%%

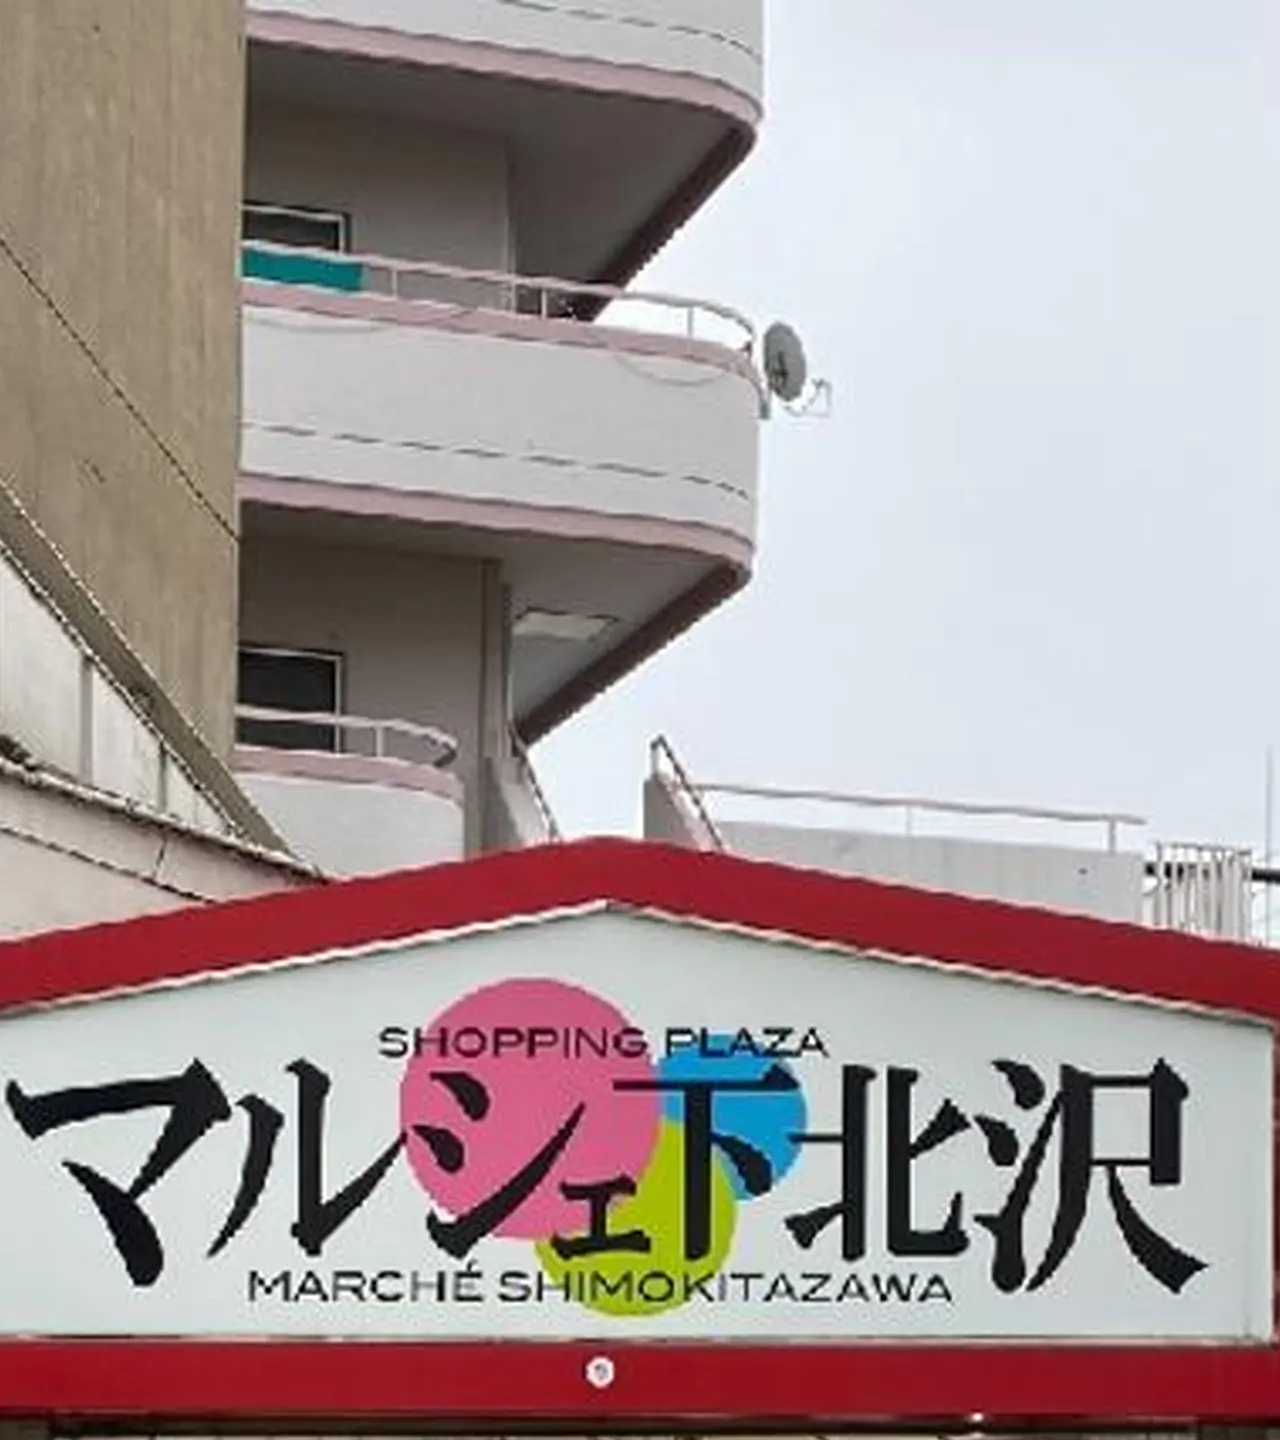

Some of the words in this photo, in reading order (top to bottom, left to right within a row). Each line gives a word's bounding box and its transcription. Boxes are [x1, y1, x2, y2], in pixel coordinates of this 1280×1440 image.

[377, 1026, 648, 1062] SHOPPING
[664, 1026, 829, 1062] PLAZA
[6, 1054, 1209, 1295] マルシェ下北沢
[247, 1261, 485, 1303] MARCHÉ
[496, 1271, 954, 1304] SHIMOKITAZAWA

%%

### Instructions for the task
Quote every record above exactly, omitting any pictures they contain.

### Answer space
Some of the words in this photo, in reading order (top to bottom, left to right within a row). Each line gives a word's bounding box and its transcription. Boxes are [x1, y1, x2, y2], in pixel coordinates of this 1280×1440 image.

[377, 1026, 648, 1062] SHOPPING
[664, 1026, 829, 1062] PLAZA
[6, 1054, 1209, 1295] マルシェ下北沢
[247, 1261, 485, 1303] MARCHÉ
[496, 1271, 954, 1304] SHIMOKITAZAWA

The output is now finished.